▸ TASK REQUIREMENTS
Without the images, repeat every line of the listing verbatim.

▸ ENTRIES SUPPLIED
********
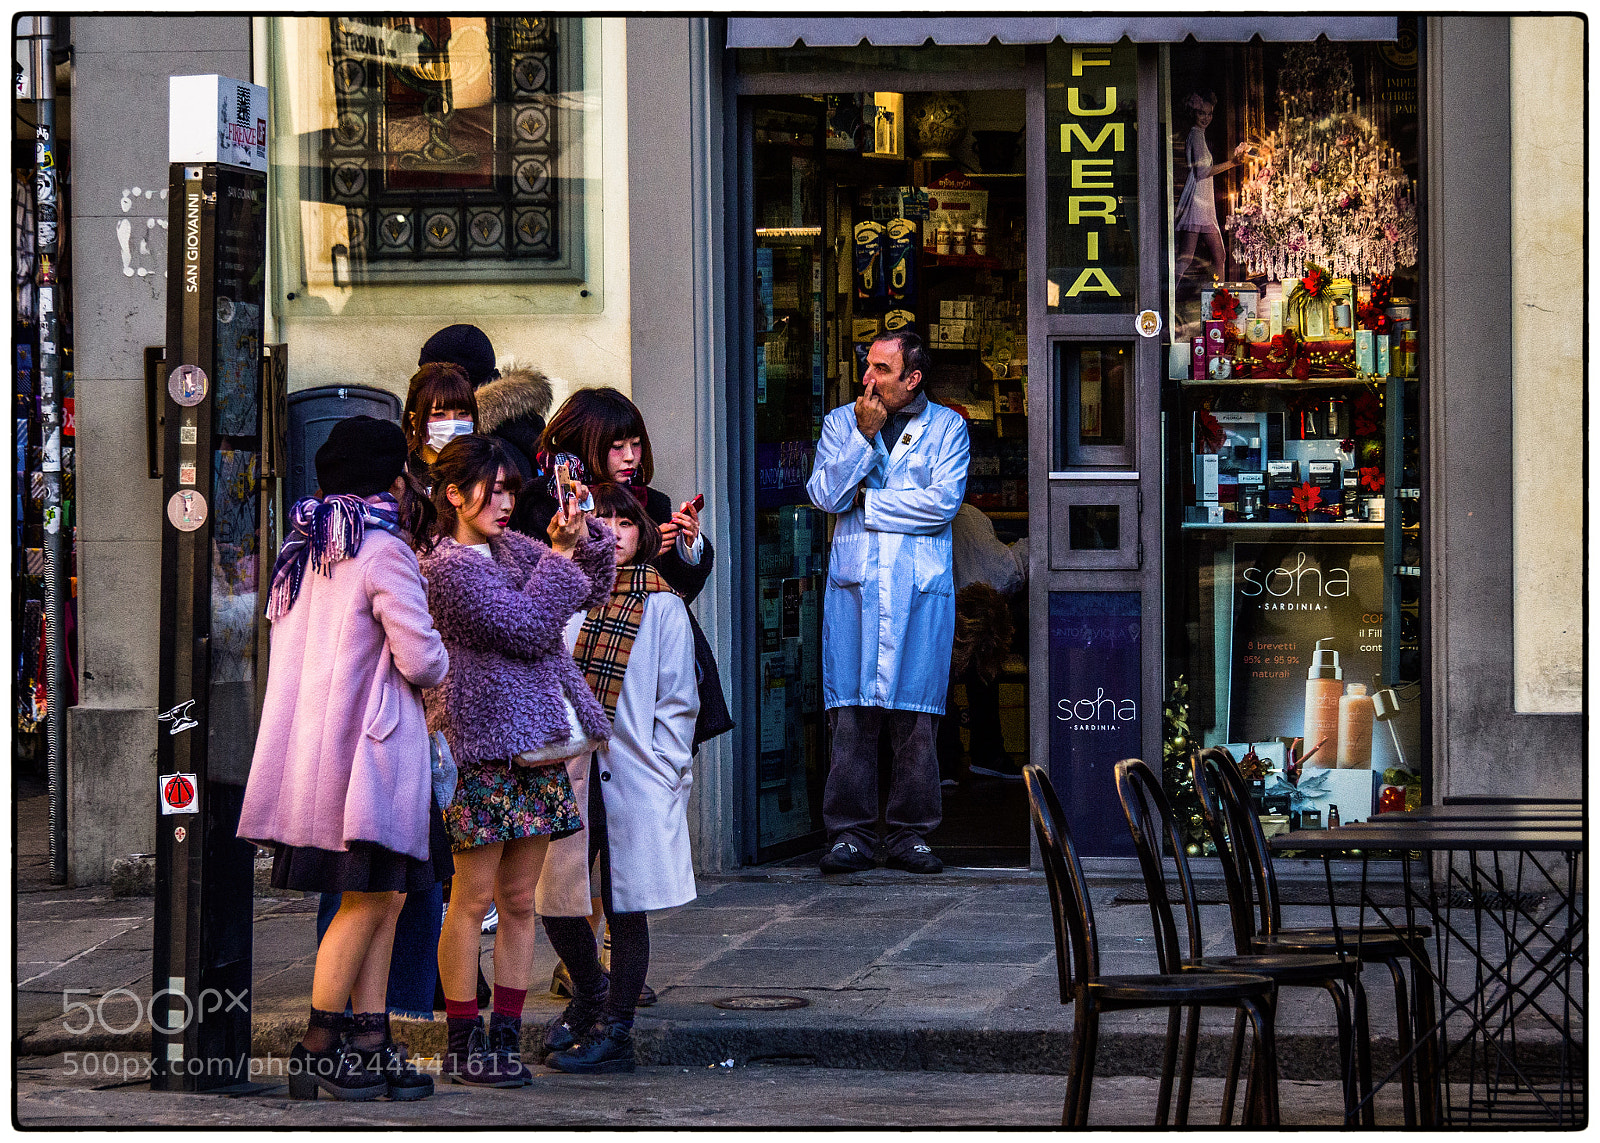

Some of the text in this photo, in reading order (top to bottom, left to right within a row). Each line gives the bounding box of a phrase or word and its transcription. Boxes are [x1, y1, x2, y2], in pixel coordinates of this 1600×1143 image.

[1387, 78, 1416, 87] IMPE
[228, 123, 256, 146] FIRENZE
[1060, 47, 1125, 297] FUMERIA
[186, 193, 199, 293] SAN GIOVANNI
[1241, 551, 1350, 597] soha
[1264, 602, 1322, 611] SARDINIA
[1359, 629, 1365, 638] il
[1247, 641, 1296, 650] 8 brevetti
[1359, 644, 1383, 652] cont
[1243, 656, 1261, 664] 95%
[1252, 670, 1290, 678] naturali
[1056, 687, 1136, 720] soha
********
▸ SOLVED PROBLEM
Some of the text in this photo, in reading order (top to bottom, left to right within a row). Each line gives the bounding box of a phrase or word and its transcription. Boxes are [x1, y1, x2, y2], in pixel coordinates of this 1600×1143 image.

[1387, 78, 1416, 87] IMPE
[228, 123, 256, 146] FIRENZE
[1060, 47, 1125, 297] FUMERIA
[186, 193, 199, 293] SAN GIOVANNI
[1241, 551, 1350, 597] soha
[1264, 602, 1322, 611] SARDINIA
[1359, 629, 1365, 638] il
[1247, 641, 1296, 650] 8 brevetti
[1359, 644, 1383, 652] cont
[1243, 656, 1261, 664] 95%
[1252, 670, 1290, 678] naturali
[1056, 687, 1136, 720] soha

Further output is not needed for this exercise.